*** INFORMATION PROVIDED Section Begins ***
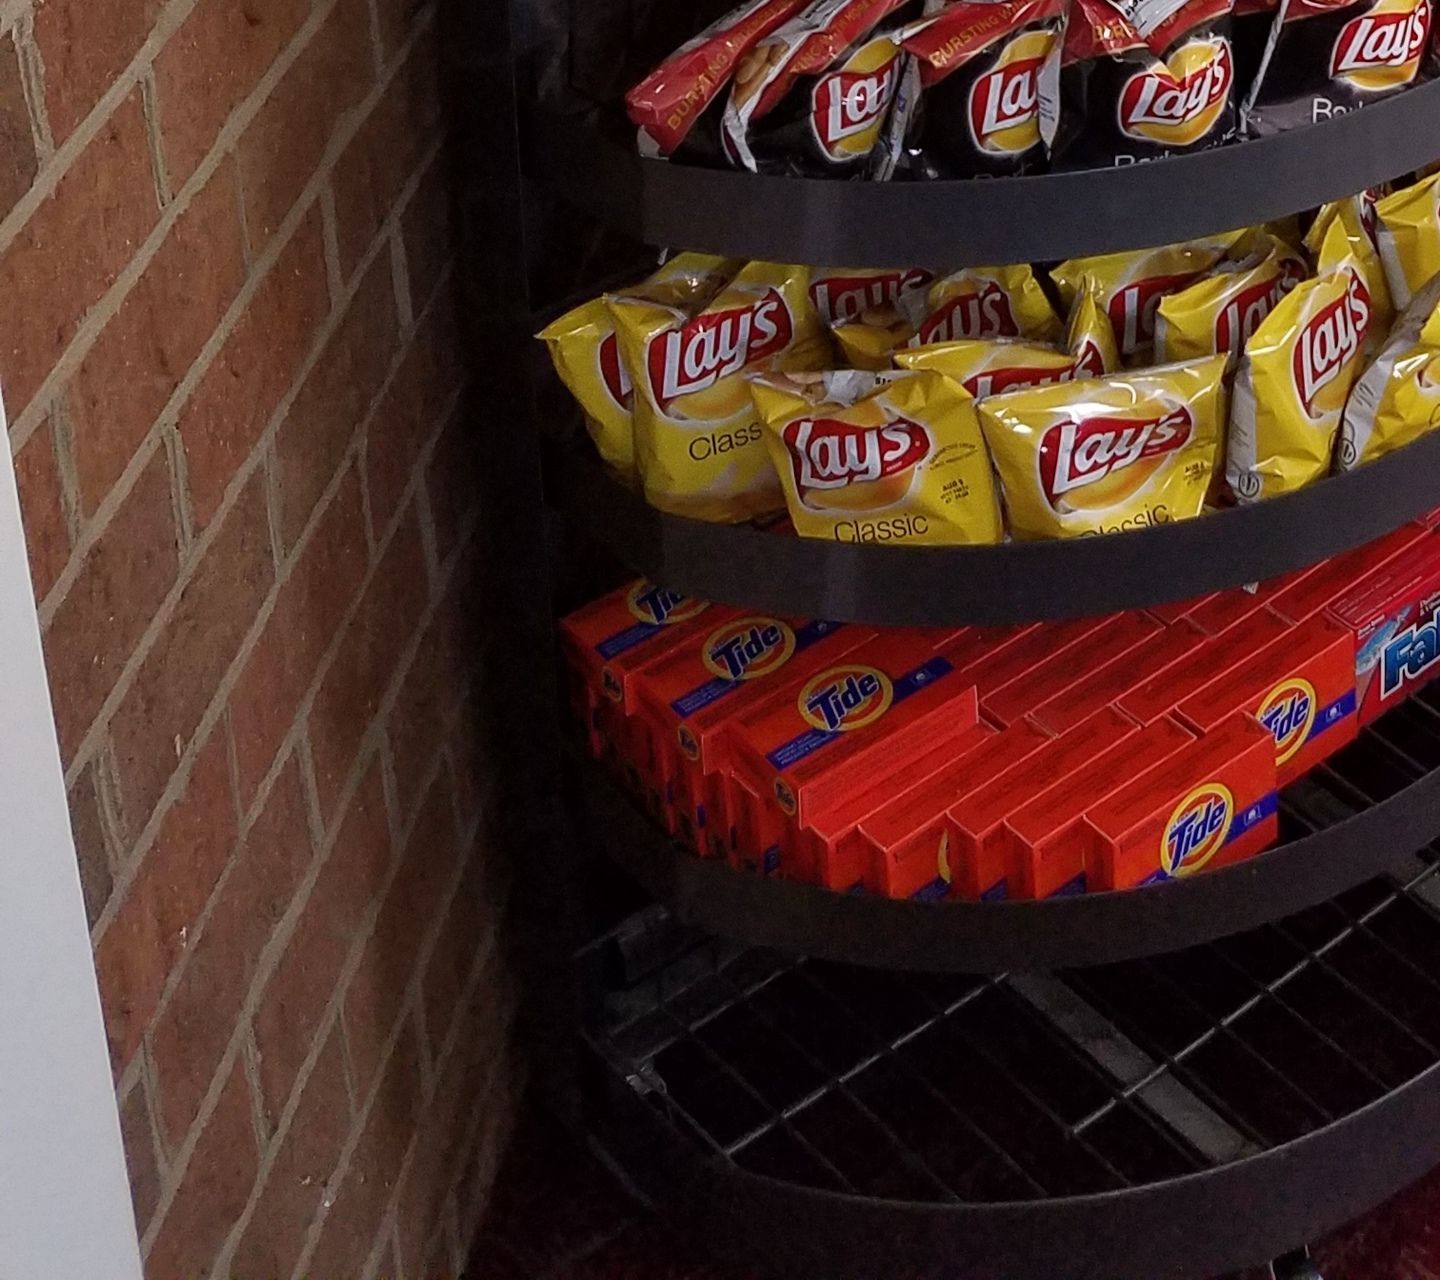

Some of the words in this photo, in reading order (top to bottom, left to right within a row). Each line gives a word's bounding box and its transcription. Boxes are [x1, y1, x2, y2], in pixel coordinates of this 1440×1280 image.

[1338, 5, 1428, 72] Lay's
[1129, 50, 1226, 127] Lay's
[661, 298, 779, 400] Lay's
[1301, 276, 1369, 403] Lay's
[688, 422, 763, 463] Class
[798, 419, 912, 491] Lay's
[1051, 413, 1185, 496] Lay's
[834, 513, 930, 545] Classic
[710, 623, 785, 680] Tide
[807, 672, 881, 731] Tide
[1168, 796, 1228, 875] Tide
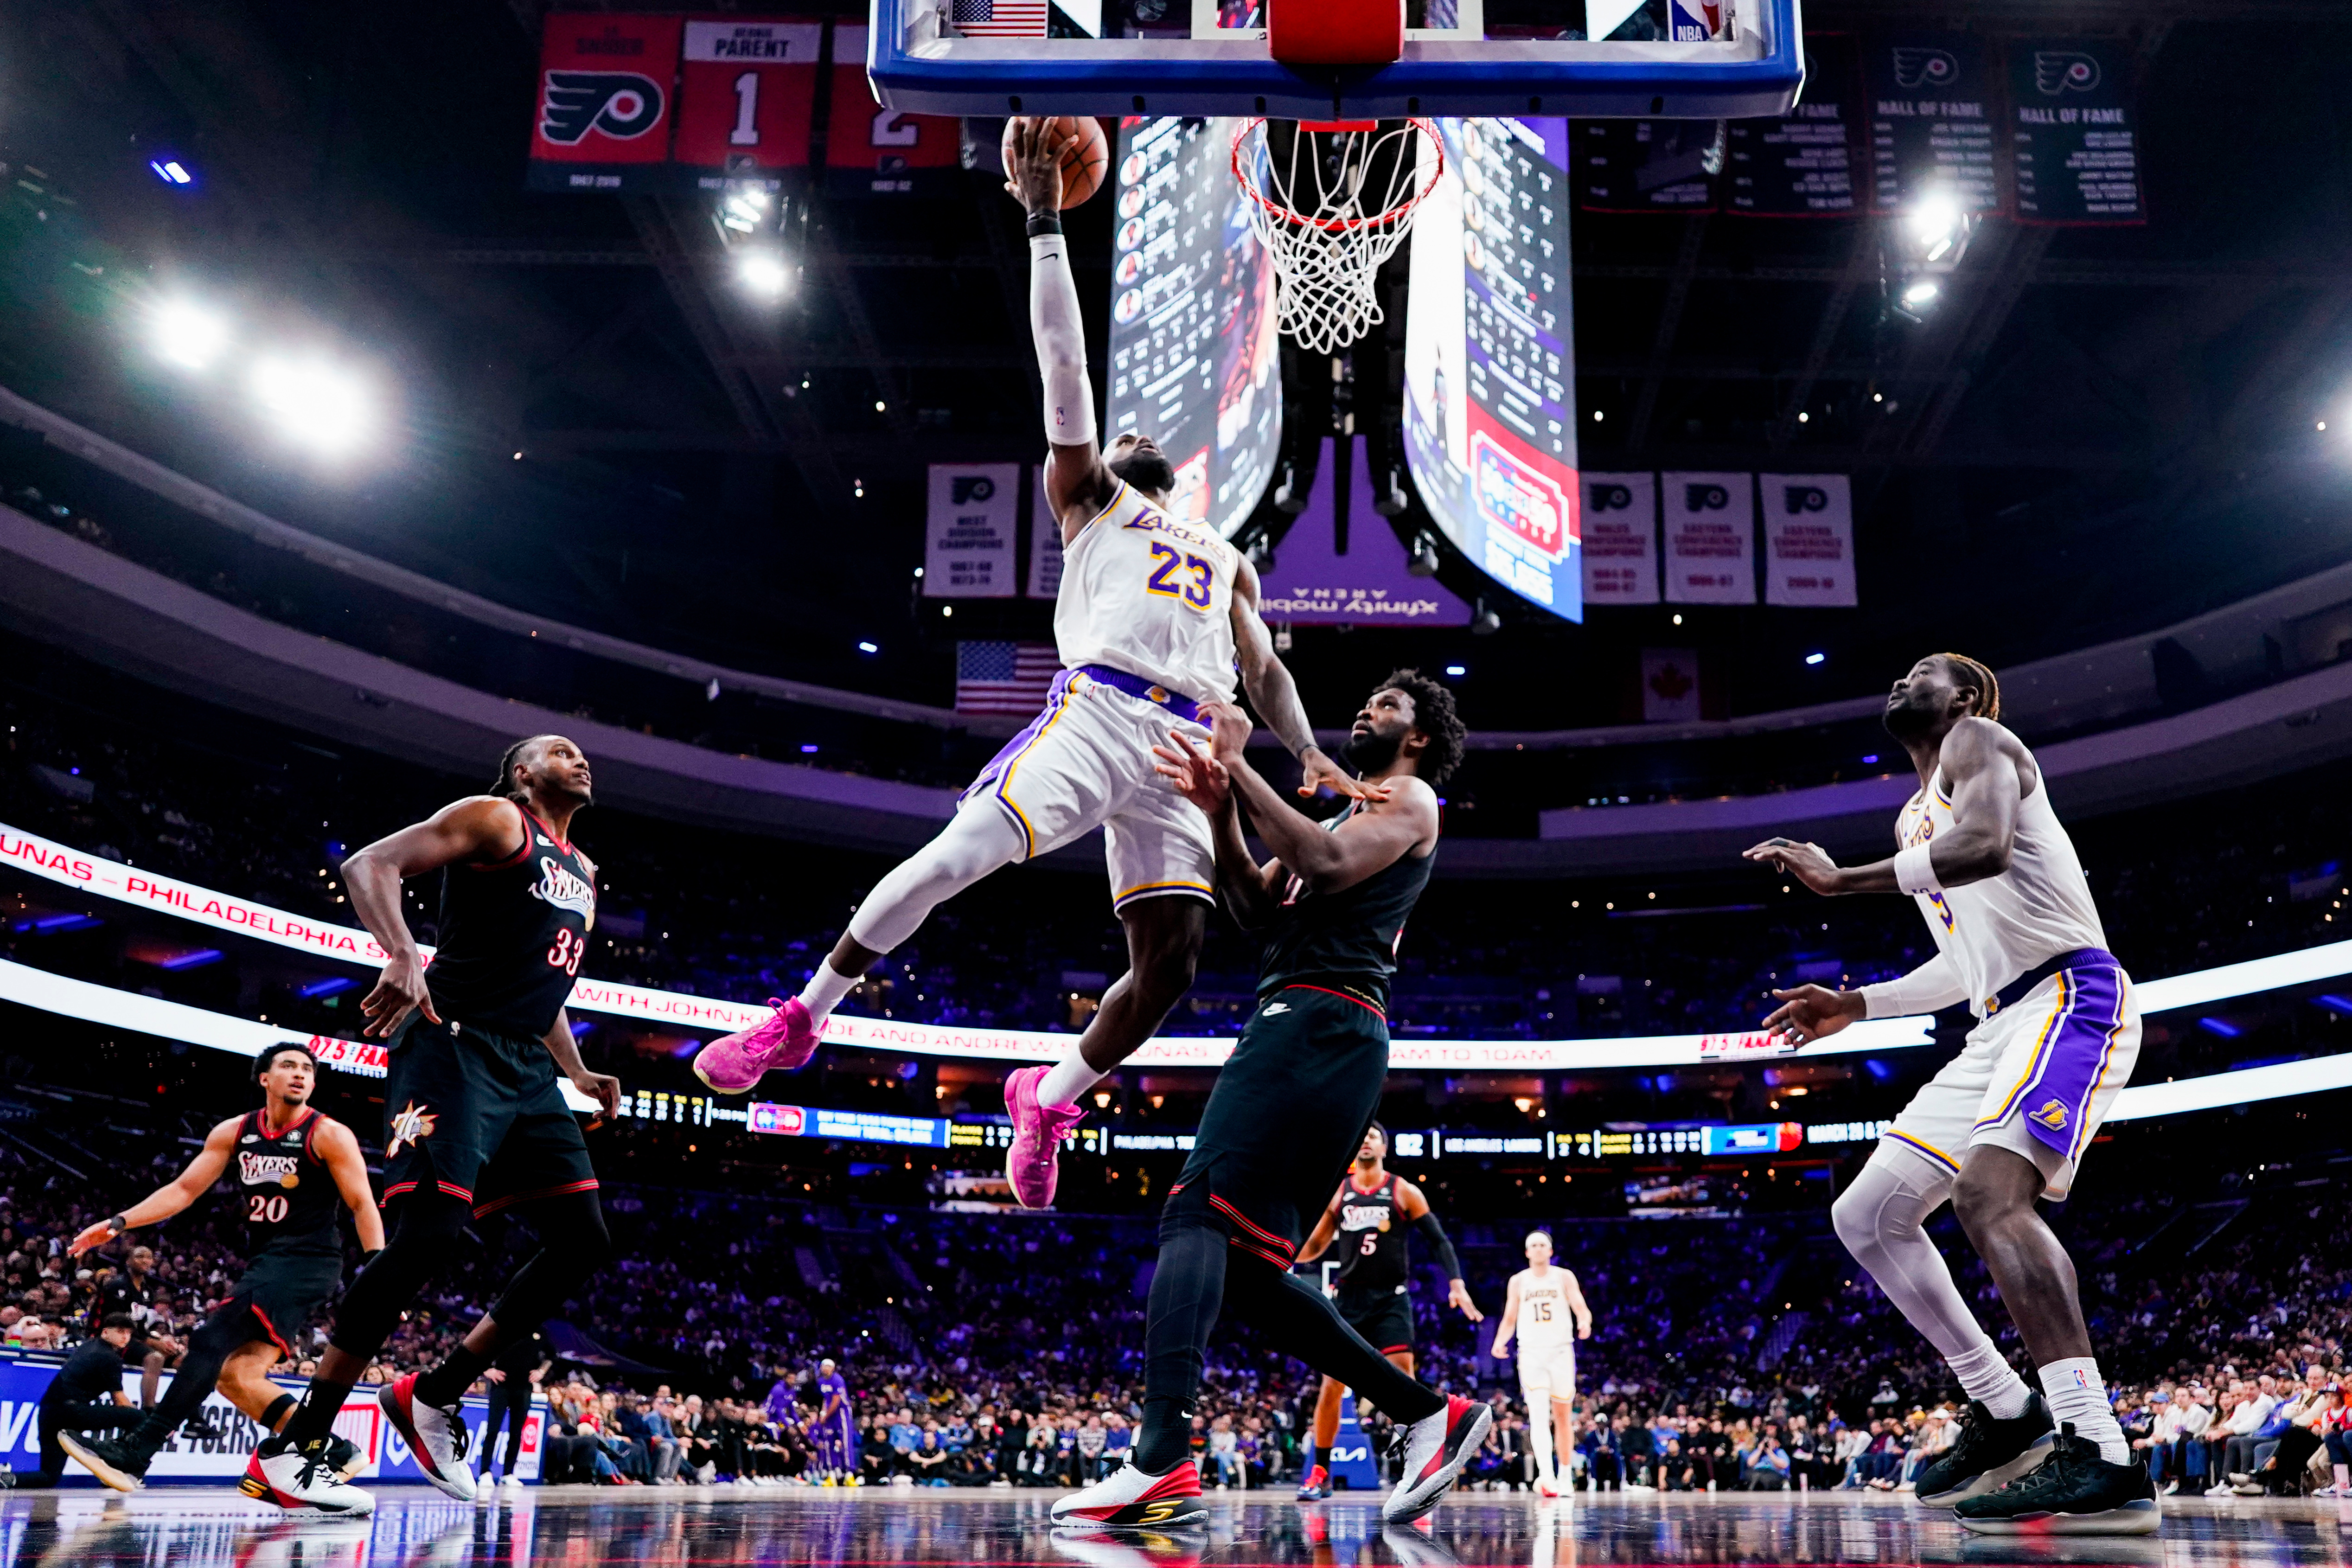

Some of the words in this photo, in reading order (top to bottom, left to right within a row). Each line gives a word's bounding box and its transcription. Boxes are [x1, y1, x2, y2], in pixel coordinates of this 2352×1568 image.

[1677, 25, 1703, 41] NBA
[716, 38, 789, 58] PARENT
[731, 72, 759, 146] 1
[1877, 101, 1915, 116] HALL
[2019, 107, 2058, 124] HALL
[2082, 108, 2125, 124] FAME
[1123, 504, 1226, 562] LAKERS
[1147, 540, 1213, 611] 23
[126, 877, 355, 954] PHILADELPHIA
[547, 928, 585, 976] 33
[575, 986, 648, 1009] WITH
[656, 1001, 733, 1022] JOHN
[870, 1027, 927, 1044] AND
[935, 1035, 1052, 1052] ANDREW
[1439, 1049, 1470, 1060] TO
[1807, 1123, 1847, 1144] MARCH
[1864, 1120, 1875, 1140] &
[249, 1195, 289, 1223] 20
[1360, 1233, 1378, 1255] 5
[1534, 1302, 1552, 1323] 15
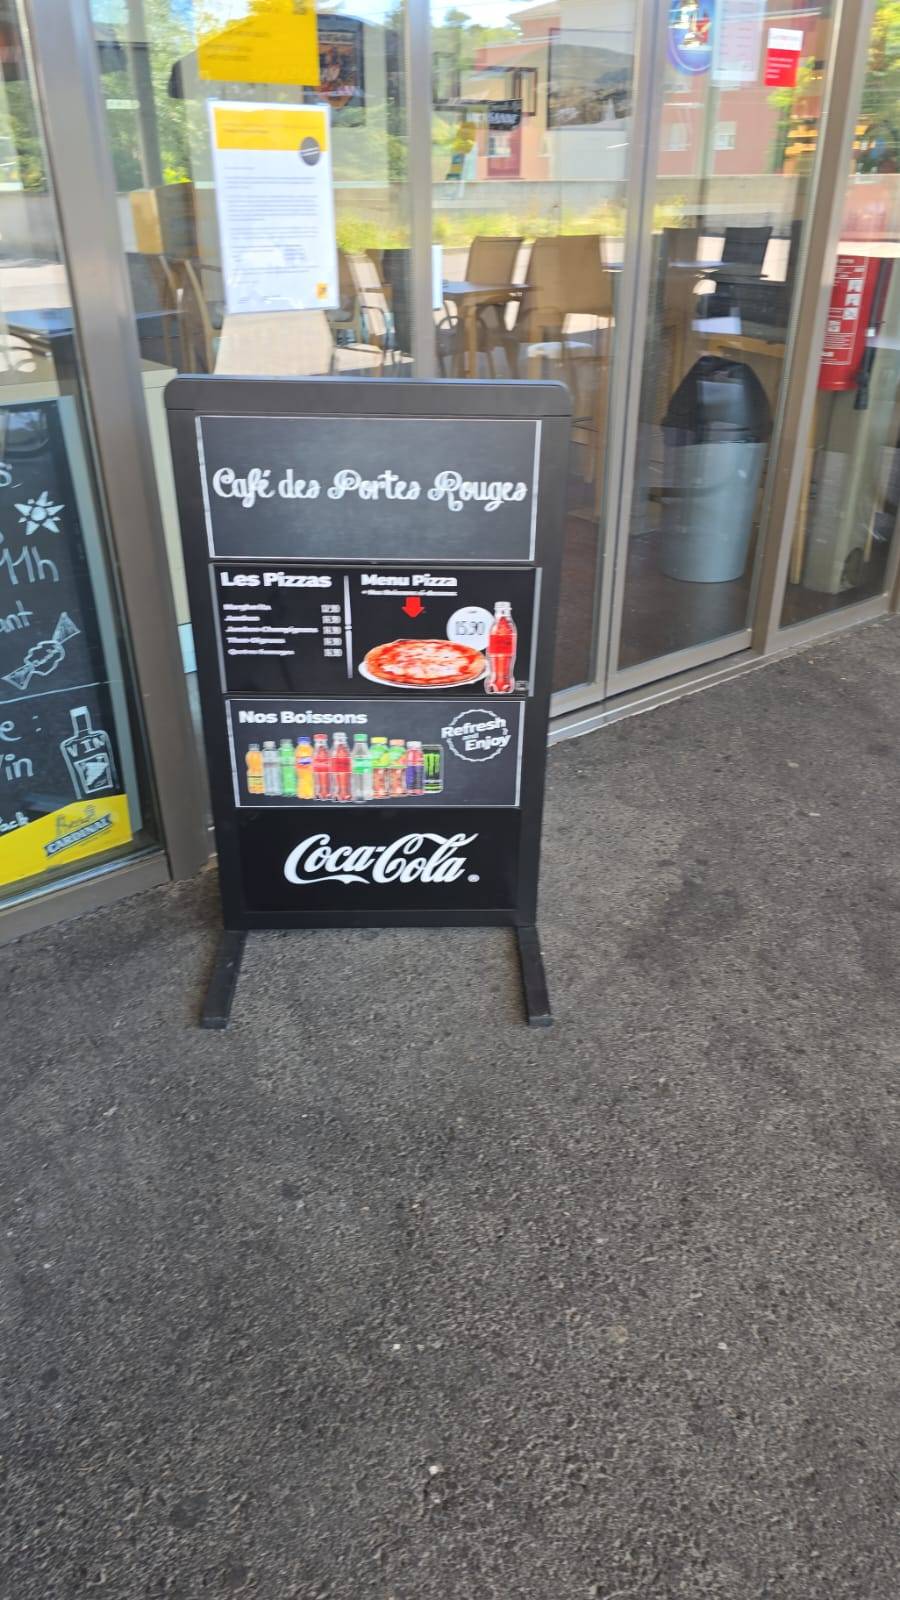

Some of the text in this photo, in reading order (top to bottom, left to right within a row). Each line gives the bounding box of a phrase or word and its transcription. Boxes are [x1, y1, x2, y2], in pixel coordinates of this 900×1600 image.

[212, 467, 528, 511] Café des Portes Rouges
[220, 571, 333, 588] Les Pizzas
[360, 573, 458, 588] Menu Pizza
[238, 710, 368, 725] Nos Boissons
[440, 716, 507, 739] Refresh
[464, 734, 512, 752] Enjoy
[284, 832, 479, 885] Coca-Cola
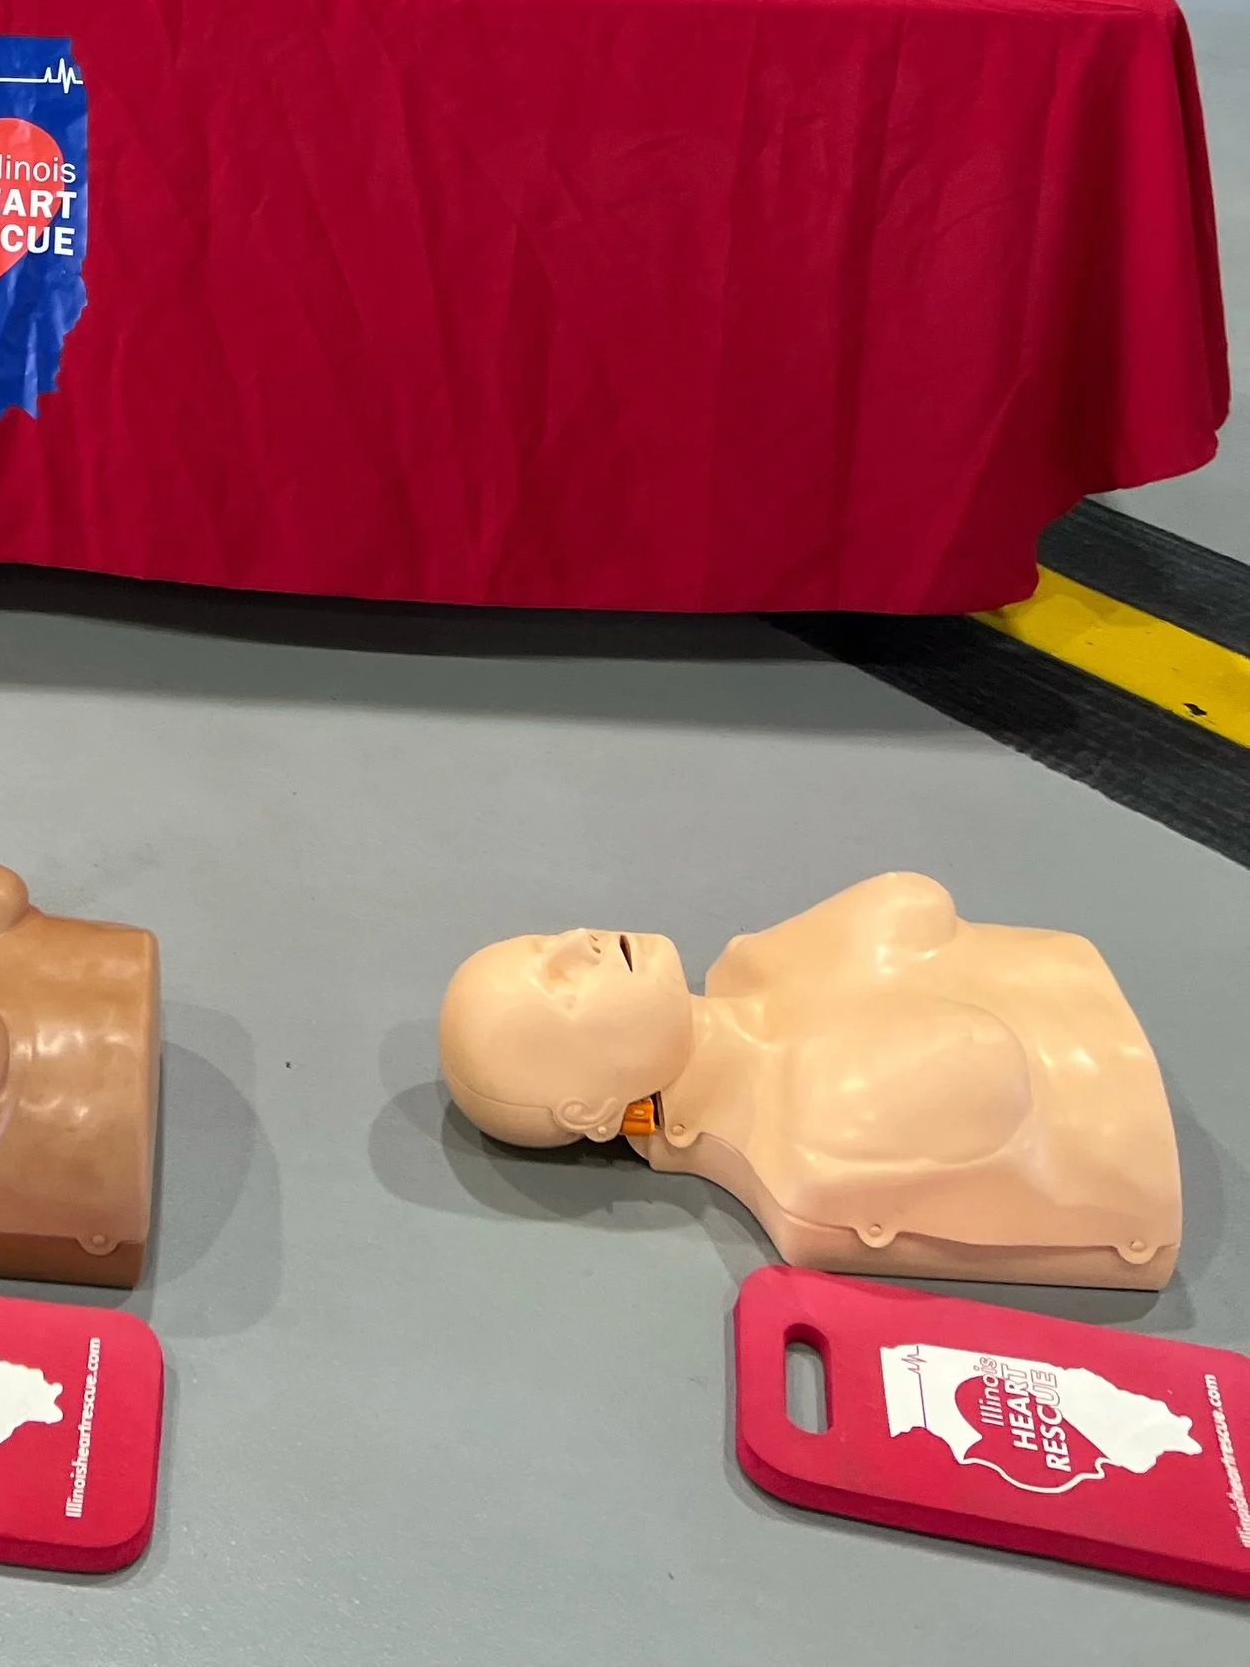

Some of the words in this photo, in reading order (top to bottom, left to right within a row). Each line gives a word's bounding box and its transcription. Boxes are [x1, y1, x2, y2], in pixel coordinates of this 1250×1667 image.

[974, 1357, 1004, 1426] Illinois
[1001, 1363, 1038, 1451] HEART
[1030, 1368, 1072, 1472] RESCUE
*** INFORMATION PROVIDED Section Ends ***
## WHAT IS BEING ASKED
The answer must restate every entry word for word, with the pictures left out.

## PROBLEM SOLUTION
Some of the words in this photo, in reading order (top to bottom, left to right within a row). Each line gives a word's bounding box and its transcription. Boxes are [x1, y1, x2, y2], in pixel coordinates of this 1440×1280 image.

[1338, 5, 1428, 72] Lay's
[1129, 50, 1226, 127] Lay's
[661, 298, 779, 400] Lay's
[1301, 276, 1369, 403] Lay's
[688, 422, 763, 463] Class
[798, 419, 912, 491] Lay's
[1051, 413, 1185, 496] Lay's
[834, 513, 930, 545] Classic
[710, 623, 785, 680] Tide
[807, 672, 881, 731] Tide
[1168, 796, 1228, 875] Tide

Some of the words in this photo, in reading order (top to bottom, left to right within a row). Each line gives a word's bounding box and its transcription. Boxes are [x1, y1, x2, y2], in pixel coordinates of this 2352×1568 image.

[1677, 25, 1703, 41] NBA
[716, 38, 789, 58] PARENT
[731, 72, 759, 146] 1
[1877, 101, 1915, 116] HALL
[2019, 107, 2058, 124] HALL
[2082, 108, 2125, 124] FAME
[1123, 504, 1226, 562] LAKERS
[1147, 540, 1213, 611] 23
[126, 877, 355, 954] PHILADELPHIA
[547, 928, 585, 976] 33
[575, 986, 648, 1009] WITH
[656, 1001, 733, 1022] JOHN
[870, 1027, 927, 1044] AND
[935, 1035, 1052, 1052] ANDREW
[1439, 1049, 1470, 1060] TO
[1807, 1123, 1847, 1144] MARCH
[1864, 1120, 1875, 1140] &
[249, 1195, 289, 1223] 20
[1360, 1233, 1378, 1255] 5
[1534, 1302, 1552, 1323] 15

Some of the text in this photo, in reading order (top to bottom, left to right within a row). Each line gives the bounding box of a phrase or word and its transcription. Boxes are [x1, y1, x2, y2], in pixel coordinates of this 900×1600 image.

[212, 467, 528, 511] Café des Portes Rouges
[220, 571, 333, 588] Les Pizzas
[360, 573, 458, 588] Menu Pizza
[238, 710, 368, 725] Nos Boissons
[440, 716, 507, 739] Refresh
[464, 734, 512, 752] Enjoy
[284, 832, 479, 885] Coca-Cola

Some of the words in this photo, in reading order (top to bottom, left to right within a row). Each line gives a word's bounding box and its transcription. Boxes are [x1, y1, x2, y2], in pixel coordinates of this 1250×1667 image.

[974, 1357, 1004, 1426] Illinois
[1001, 1363, 1038, 1451] HEART
[1030, 1368, 1072, 1472] RESCUE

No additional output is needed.